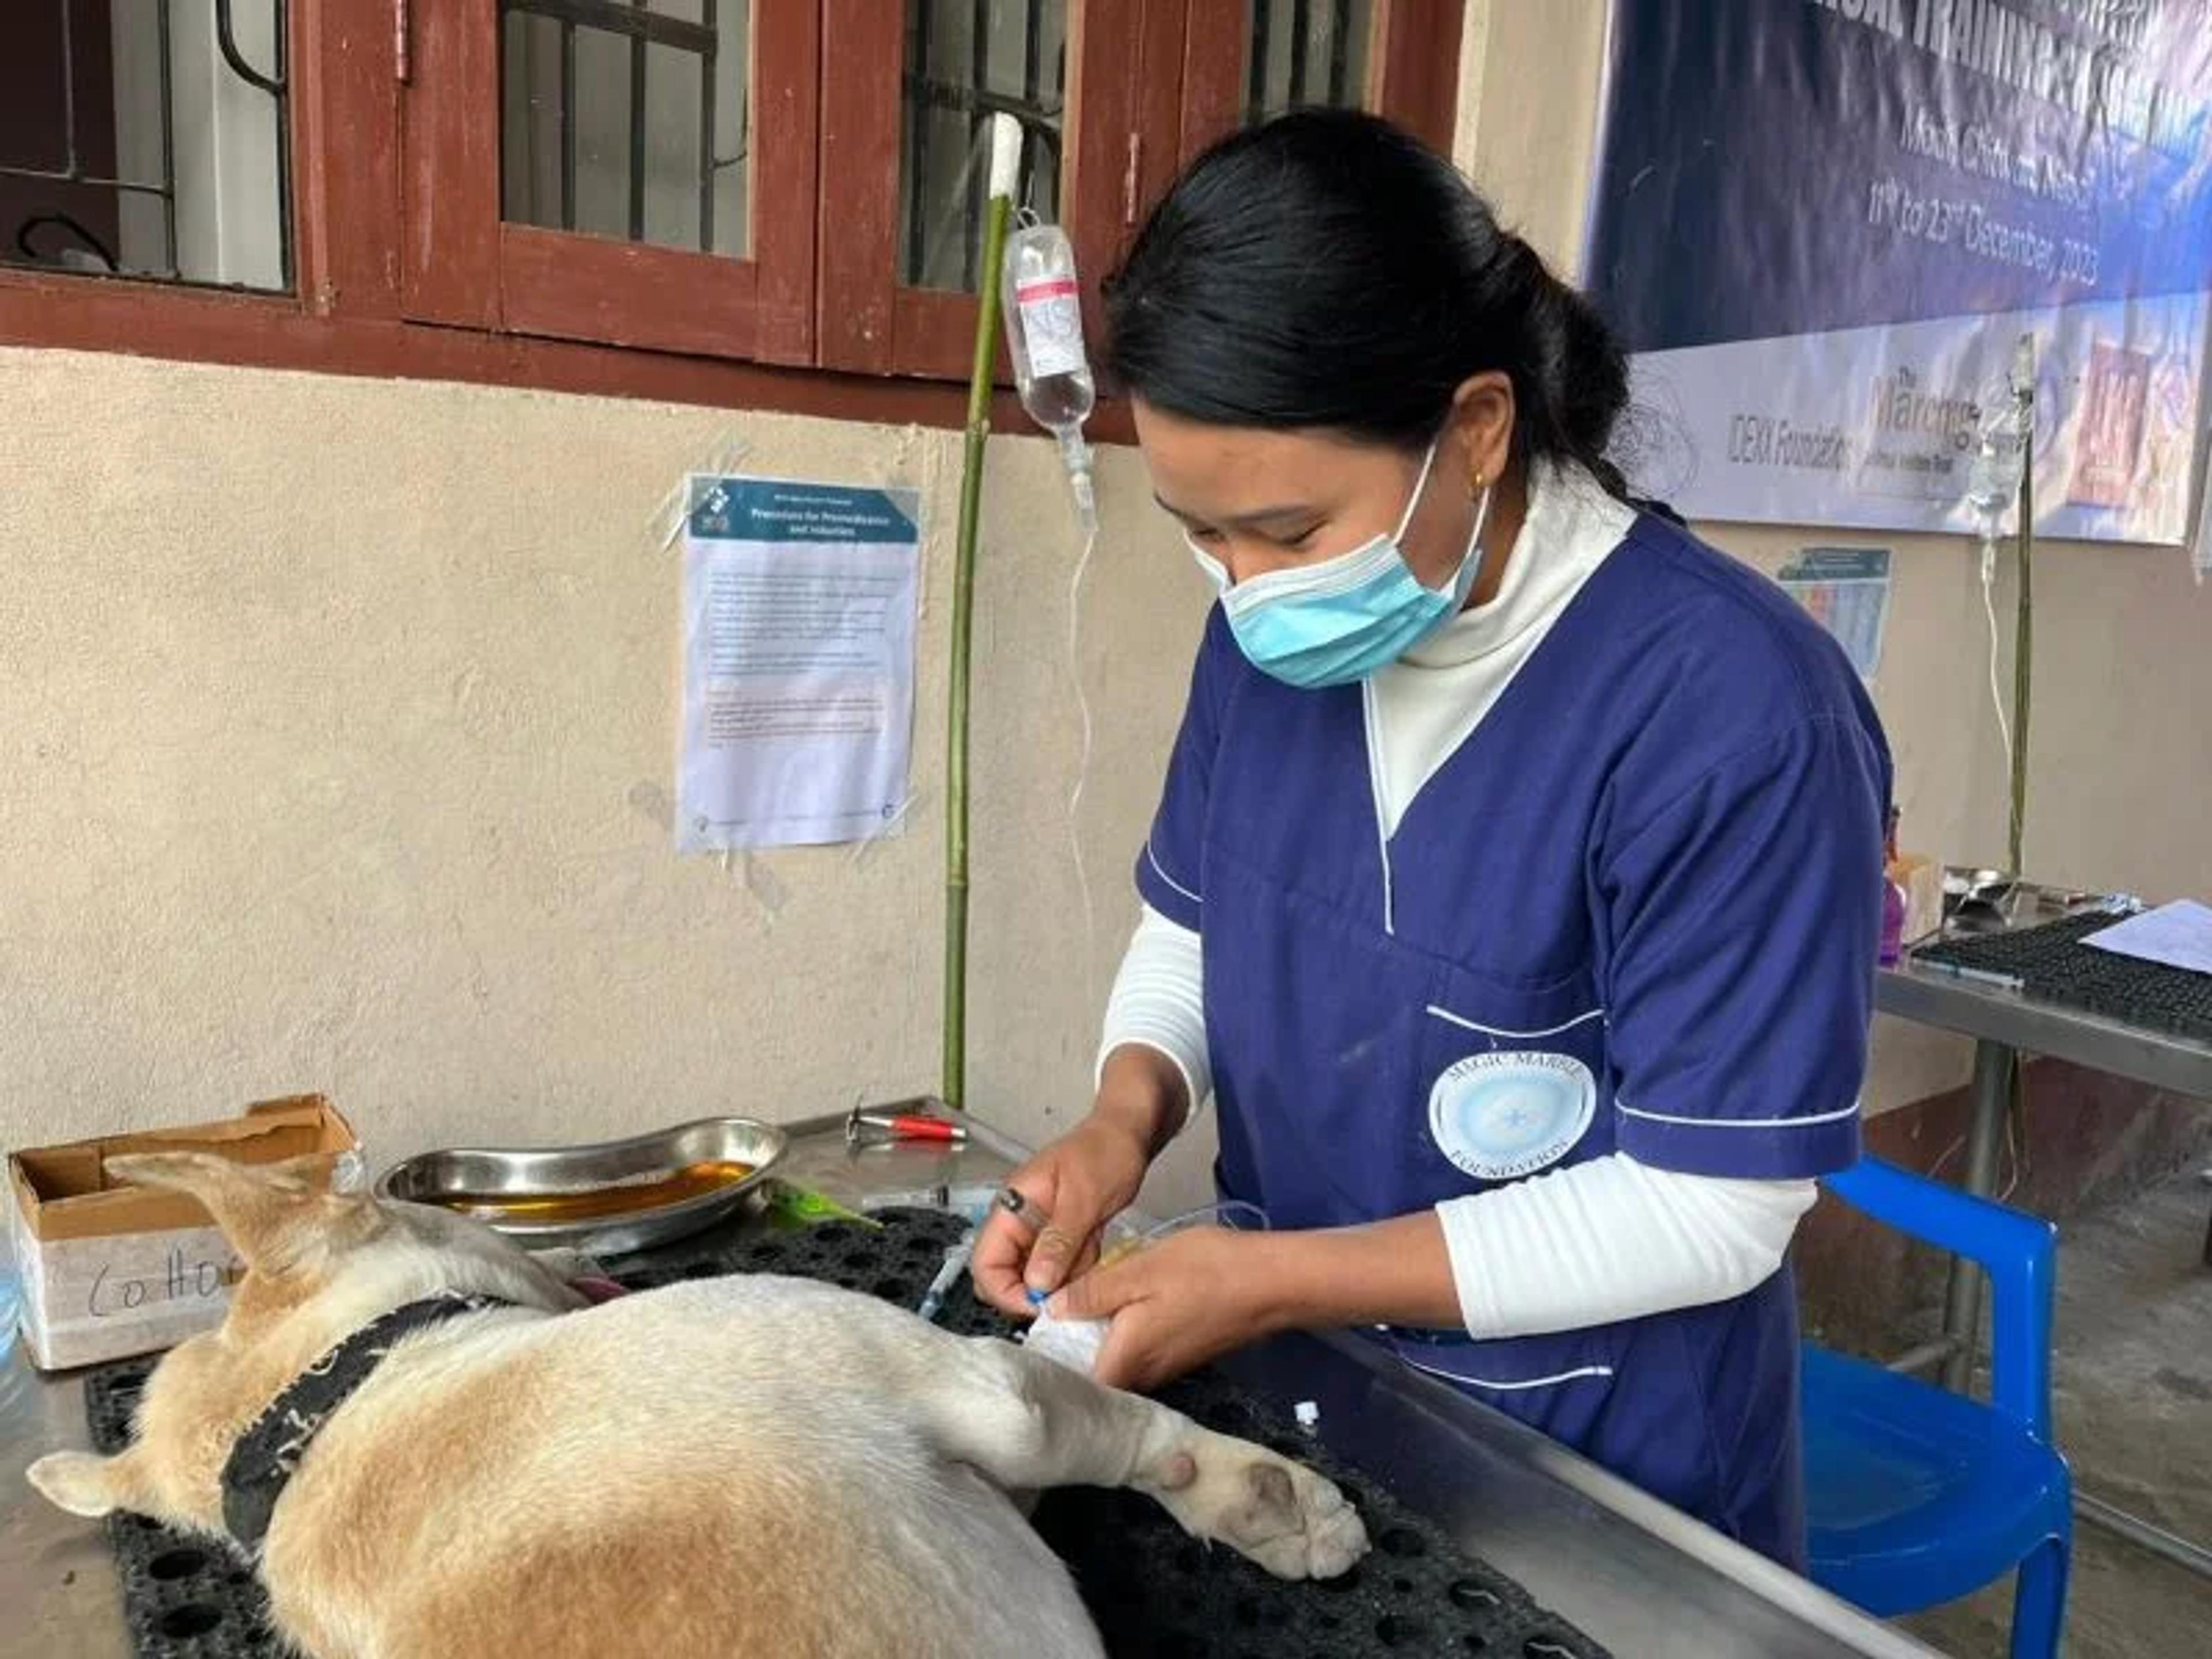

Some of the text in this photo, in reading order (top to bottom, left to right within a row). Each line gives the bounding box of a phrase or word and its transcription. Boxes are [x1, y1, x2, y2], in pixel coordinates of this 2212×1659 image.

[1902, 191, 1926, 237] to
[2059, 239, 2099, 286] 2023
[1773, 419, 1853, 472] Foundatio
[1449, 1052, 1505, 1083] MAGIC
[1450, 1142, 1570, 1177] FOUNDATION

☆ ☆ ☆ ☆

_What you should do_
Copy every line above exactly; images stay out.

_Solution to this problem_
Some of the text in this photo, in reading order (top to bottom, left to right within a row). Each line gives the bounding box of a phrase or word and its transcription. Boxes are [x1, y1, x2, y2], in pixel coordinates of this 2212×1659 image.

[1902, 191, 1926, 237] to
[2059, 239, 2099, 286] 2023
[1773, 419, 1853, 472] Foundatio
[1449, 1052, 1505, 1083] MAGIC
[1450, 1142, 1570, 1177] FOUNDATION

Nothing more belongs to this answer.